Micro-particles as cellular delivery devices

Abstract

Narrowly dispersed amino-functionalised polystyrene microspheres, with a range of diameters, were successfully synthesised via emulsion and dispersion polymerisation. Fluorescent labelling allowed cellular translocation to be assessed in a variety of cell lines and was found to be very high, but controllable, whilst exhibiting no detrimental effect on cellular viability. In order to fully determine the mode of microsphere uptake, “beadfected” melanoma (B16F10) cells were studied using both chemical and microscopic methods. Uptake was found to be wholly unreliant upon energetic processes, with microspheres located cytoplasmically and not encapsulated within endosomes, an important characteristic for delivery devices.
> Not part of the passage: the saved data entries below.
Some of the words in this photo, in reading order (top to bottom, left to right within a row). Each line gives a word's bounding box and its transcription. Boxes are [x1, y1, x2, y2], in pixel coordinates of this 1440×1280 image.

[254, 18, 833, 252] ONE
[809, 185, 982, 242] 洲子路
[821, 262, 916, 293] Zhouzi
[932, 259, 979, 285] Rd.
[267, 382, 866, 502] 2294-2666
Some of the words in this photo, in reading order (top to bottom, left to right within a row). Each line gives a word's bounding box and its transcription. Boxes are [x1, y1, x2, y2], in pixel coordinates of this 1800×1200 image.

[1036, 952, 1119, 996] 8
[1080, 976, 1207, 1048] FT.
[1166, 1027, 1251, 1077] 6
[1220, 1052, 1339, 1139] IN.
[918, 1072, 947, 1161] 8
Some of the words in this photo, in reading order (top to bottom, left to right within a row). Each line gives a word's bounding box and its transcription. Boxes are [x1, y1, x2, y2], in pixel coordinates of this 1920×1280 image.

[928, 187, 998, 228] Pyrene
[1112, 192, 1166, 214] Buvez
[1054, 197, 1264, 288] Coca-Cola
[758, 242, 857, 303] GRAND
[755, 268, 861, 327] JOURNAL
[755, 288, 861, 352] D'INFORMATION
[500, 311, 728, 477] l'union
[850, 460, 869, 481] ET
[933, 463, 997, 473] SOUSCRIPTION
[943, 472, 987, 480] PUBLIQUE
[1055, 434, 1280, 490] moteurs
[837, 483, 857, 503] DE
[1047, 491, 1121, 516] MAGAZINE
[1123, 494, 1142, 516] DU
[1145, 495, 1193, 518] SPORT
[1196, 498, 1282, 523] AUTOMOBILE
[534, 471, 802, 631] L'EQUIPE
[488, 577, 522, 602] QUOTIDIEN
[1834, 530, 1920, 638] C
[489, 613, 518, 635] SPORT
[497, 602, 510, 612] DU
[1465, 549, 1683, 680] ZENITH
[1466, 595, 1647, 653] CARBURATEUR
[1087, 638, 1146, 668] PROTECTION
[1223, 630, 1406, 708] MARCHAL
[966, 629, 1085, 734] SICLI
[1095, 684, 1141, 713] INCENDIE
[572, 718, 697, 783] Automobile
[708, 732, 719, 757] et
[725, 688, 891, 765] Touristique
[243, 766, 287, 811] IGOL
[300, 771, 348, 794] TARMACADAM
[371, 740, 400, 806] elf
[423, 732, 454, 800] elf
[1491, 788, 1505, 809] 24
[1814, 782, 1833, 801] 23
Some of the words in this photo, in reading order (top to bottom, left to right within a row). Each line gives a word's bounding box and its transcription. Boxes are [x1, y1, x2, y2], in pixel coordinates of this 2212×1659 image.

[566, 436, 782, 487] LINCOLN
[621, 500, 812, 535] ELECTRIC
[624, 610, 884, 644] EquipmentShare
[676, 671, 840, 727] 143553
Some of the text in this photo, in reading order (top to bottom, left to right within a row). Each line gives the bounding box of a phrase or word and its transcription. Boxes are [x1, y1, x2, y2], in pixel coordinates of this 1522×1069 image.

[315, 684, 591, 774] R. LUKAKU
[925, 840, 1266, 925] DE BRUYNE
In order to demonstrate the effective delivery of exogenous cargo mediated by microspheres, short interfering (si)-RNAs were conjugated to beads and investigated for the gene silencing of enhanced green fluorescent protein (EGFP) in cervical cancer (HeLa) and embryonic (E14) stem cells. EGFP knockdown was found to be highly efficient after 48 – 72 hours. Dual-functionalised microspheres displaying a fluorophore (Cy5) and siRNA allowed only those cells beadfected with the delivery vehicle (and thus containing siRNA) to be assessed for EGFP expression, yielding an accurate assessment of microsphere-mediated gene silencing. In addition, by manipulation of the microsphere preparation conditions, micro-doughnuts and paramagnetic microspheres were produced and their cellular uptake assessed. Paramagnetic microspheres were found to enter cells efficiently and were subsequently used to bias the movement of beadfected cells in response to an externally applied magnet, while micro-doughnuts were found to exhibit cell selective properties and were noted to traffic specifically to the liver in vivo.